The birds are birding
The dogs are do***ng
The hummingbirds buzz
like a plucked bass string
I sit among rabbits, squirrels,
and meandering butterflies

It is the moment,
not the words
that is the prayer

In the unstill stillness
kissed by the breeze
I am overflowing prayer,
spilling out onto the dirt
Not a faith in belief,
But in accepting my acceptability

This is the day that the Lord has made—
no, the moment,
the second,
the flash of instant

Be still and know I am God
Be still and know
Be still
Be

05/30/2026

The eleven disciples went into Galilee, to the mountain that Jesus chose for them. When they saw him, they prostrated themselves in worship, but they hesitated. Jesus came to where they were and said to them, "All authority in heaven and on earth was given to me; therefore, as you go into every nation, make disciples, baptizing them in the Name of the Father, and of the Son, and of the Holy Spirit, teaching them to keep every commandment I have given all of you. And understand this, I myself am with all of you each and every day, even until the completion of this age." ~ Matthew 28:16-20 (my translation)

Some important points to consider:

"but they hesitated" — Traditionally, this is translated as the eleven worshiped "but some doubted." But, there is no "some" in the Greek. All eleven went up the mountain. All eleven prostrated themselves. All eleven hesitated. That's the most credible and human part of the story, and some nervous King James Christian Cosplay translator didn't like it and added some hypothetical "some," which translations have followed ever since. Of course they hesitated. They are not sure they are seeing what they are seeing. After what they went through, how could they be sure? But they had the faith to go, and even if they had the very human response of questioning what they were seeing and experiencing — wondering whether it was a dream or a delusion — they still worshiped. Doubt or hesitation isn't the opposite of faith; certainty is, because certainty doesn't need faith. Doubt is the space in which faith can grow.

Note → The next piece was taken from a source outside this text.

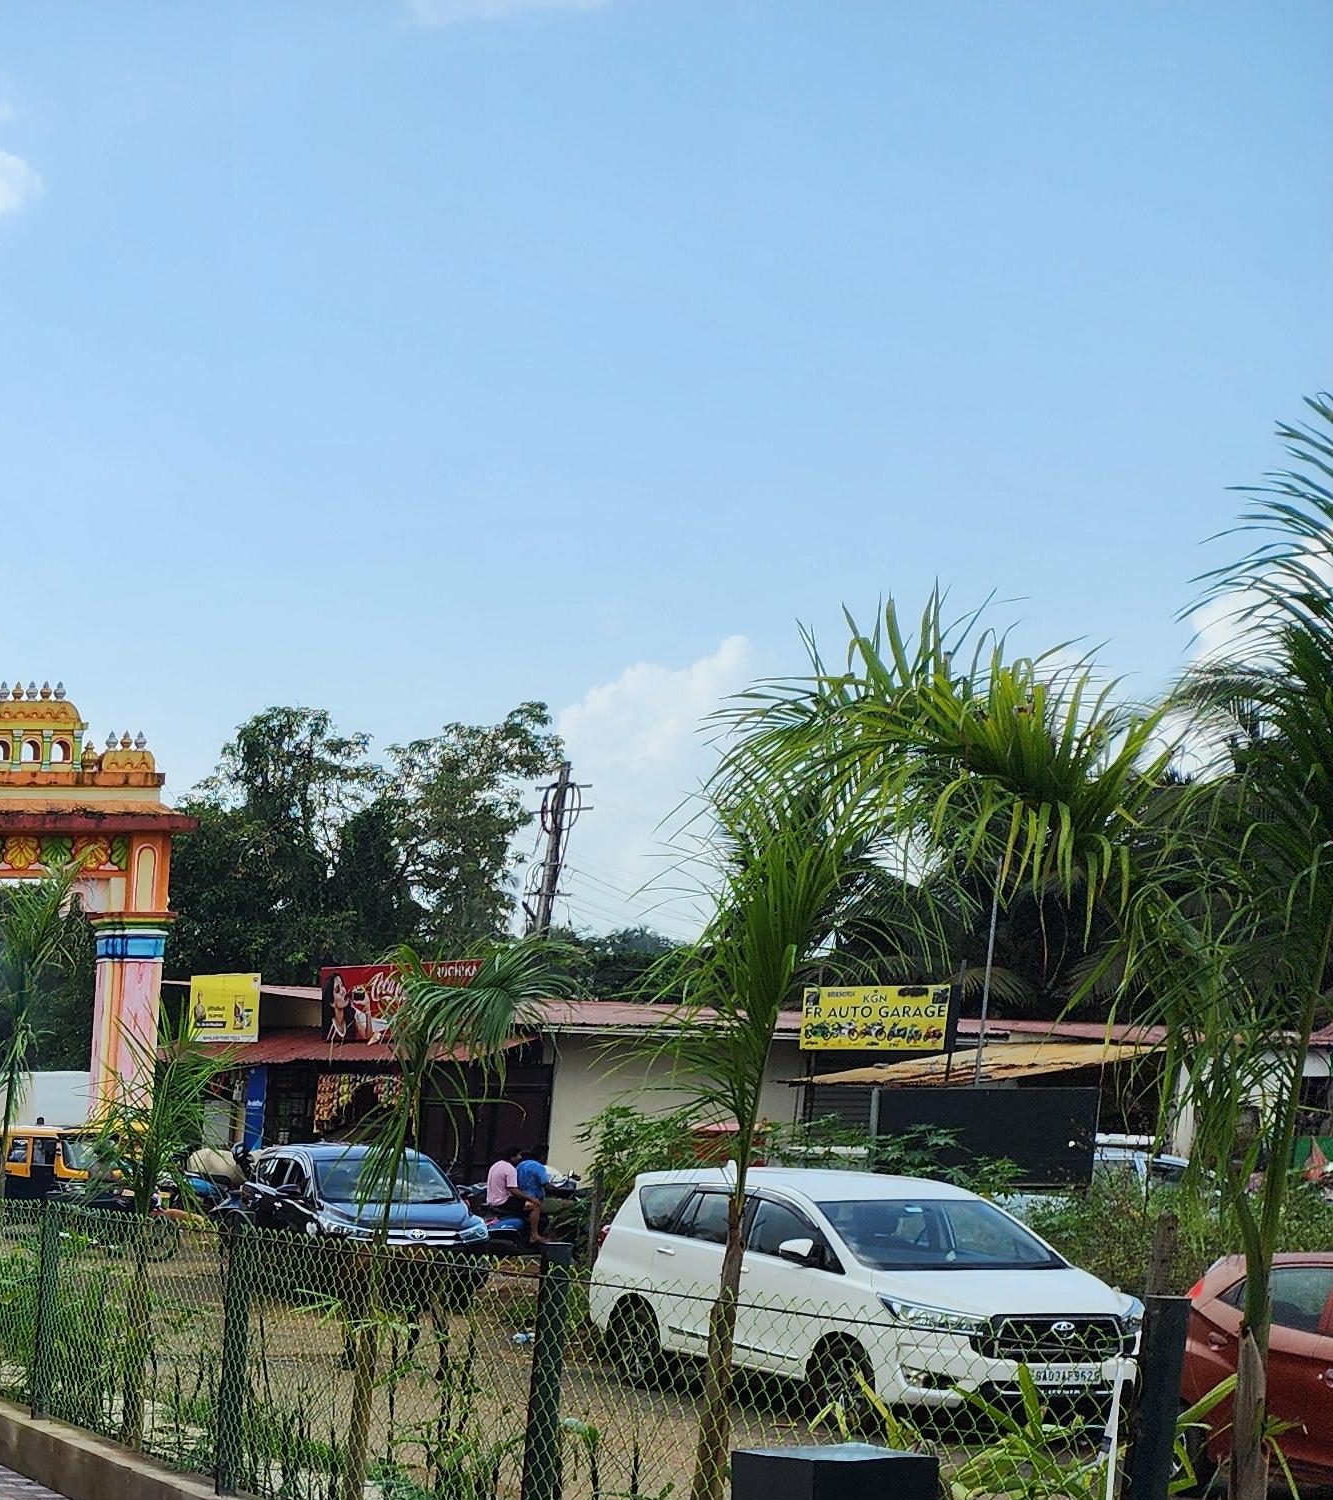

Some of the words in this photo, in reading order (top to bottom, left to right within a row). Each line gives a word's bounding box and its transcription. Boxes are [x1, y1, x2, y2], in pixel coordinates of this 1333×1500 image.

"was given" — Ἐδόθη is the aorist tense, not the perfect tense, as it is always translated. It is not "All authority in heaven and earth HAS BEEN GIVEN to me" but simply "WAS GIVEN to me." And the "was given" doesn't say when it was given. The tendency to read it as it was given after the death and resurrection is a reading into the text, not a reading out of it. It is Atonement theology, not Christology. All authority in heaven and earth was given to Jesus from the beginning. That is not an interpretation, but clearly stated throughout the entire gospel — demons state it and respond to it and are driven out because of it; the storms respond to it and are calmed; illness and medical conditions respond and are healed; miracles, exorcisms, healings, all of it are manifestations of that total authority Jesus was given. Even Moses and Elijah confirm it when they appear with Jesus on the mountain top, and God testifies to it when God says, "This is my beloved Son. Listen to him." God doesn't say to listen to Moses or Elijah or Peter or Paul, or to the Torah, or to the prophets, but to Jesus because he is the one with the authority. The resurrection doesn't earn it. It confirms it.

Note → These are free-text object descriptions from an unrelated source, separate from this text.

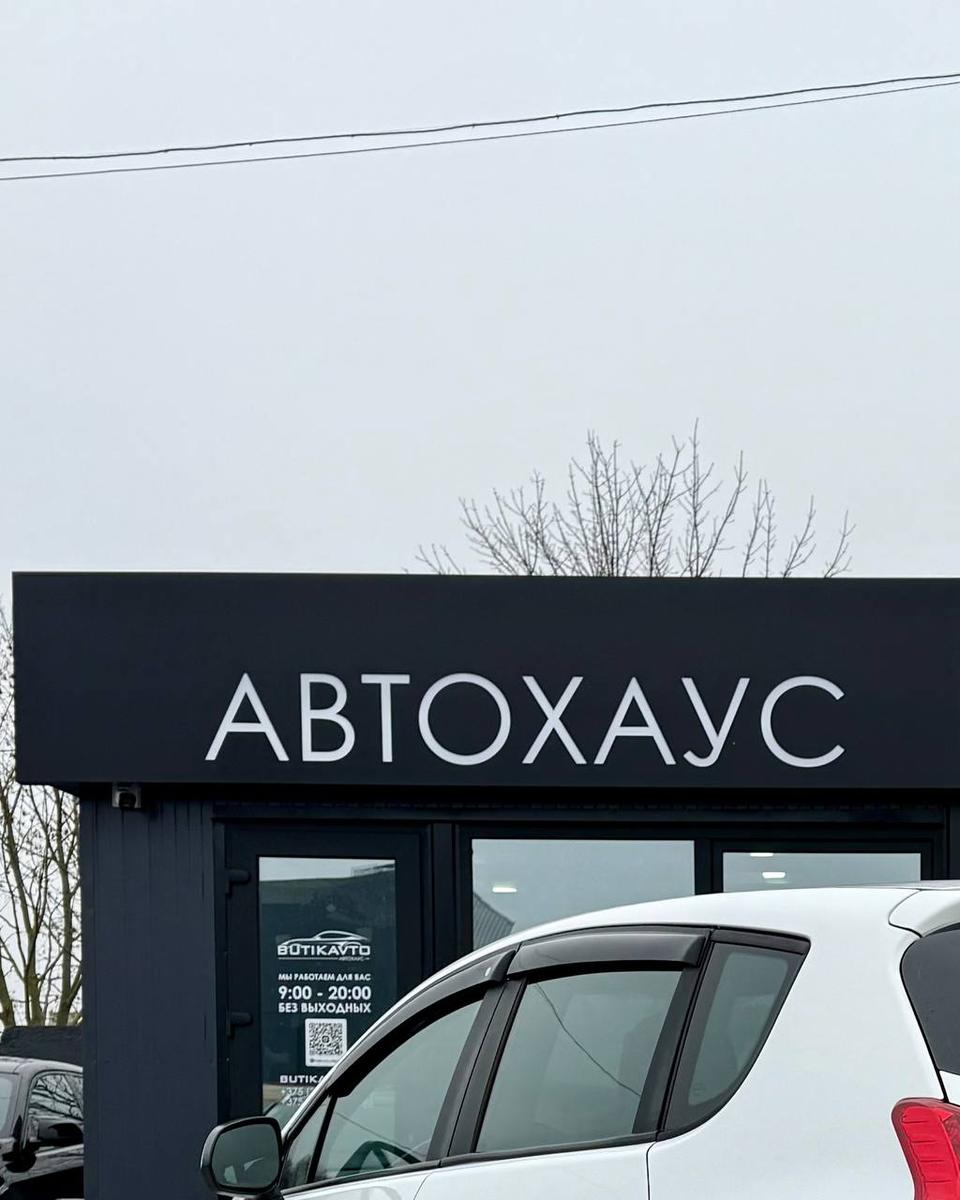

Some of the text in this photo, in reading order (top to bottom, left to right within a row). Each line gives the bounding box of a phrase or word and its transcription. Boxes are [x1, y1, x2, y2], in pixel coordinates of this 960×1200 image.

[205, 673, 845, 768] АВТОХАУС
[277, 945, 370, 956] BUTIKAVTO
[279, 973, 371, 982] МЫ РАБОТАЕМ ДЛЯ ВАС
[278, 985, 312, 1000] 9:00
[328, 985, 371, 1000] 20:00
[278, 1002, 371, 1014] БЕЗ ВЫХОДНЫХ

"as you go" — The traditional translation of "Go, therefore, and make disciples" makes the "go" an imperative. But they are not commanded to "go." The "go" is a participle. It is "going" or "as you go." It is not a command to go into all the nations of the world, but a statement that they will be going somewhere. They can't stay on the mountain with Jesus forever. They will be going, and as they go, the imperatives happen: make disciples, baptize, and teach. "Go therefore into all the world" reads more like a recruitment poster. It is Jesus as the Galilean version of Uncle Sam saying, "I want you!" But what is actually happening in the text is more like "as you live your ordinary lives, wherever you go from here, live what I told you. When people ask what you are doing and why, tell them. Some will come along. Baptize those who do. Teach them to live what I have told all of you. Lather. Rinse. Repeat." It's not so much a Great Commission as it is a Mundane Commission. Teach by how you live. Let your life be the teaching.

And what are they to teach? "Every commandment I have given all of you." All authority in heaven and on earth was given to Jesus, and the demons, the storms, the diseases, the lack of resources, the patriarchs and prophets all acknowledge it, and God testifies to it. The only ones who seem not to see it or respond to it are Christians. But if we can't be bothered to live the way Jesus said to live, then whatever we have to say about him is meaningless. We teach by how we live. And how do we live? We feed the hungry. We welcome the stranger. We visit those who are incarcerated, who are shut in, who are lonely. Why? Because that is how Jesus said we should live, and Jesus has ALL AUTHORITY. All authority on Sunday morning in a sanctuary? NO! ALL AUTHORITY IN HEAVEN AND ON EARTH—that's EVERYWHERE! Jesus never says to teach them a set of doctrines or propositions about him for people to carry in their heads, but to teach a way of being that is made visible in their lives. The first Christians were persecuted because there was no way to hide being Christian when it was their whole lives. Christians today would have no problem skating through those persecutions untouched.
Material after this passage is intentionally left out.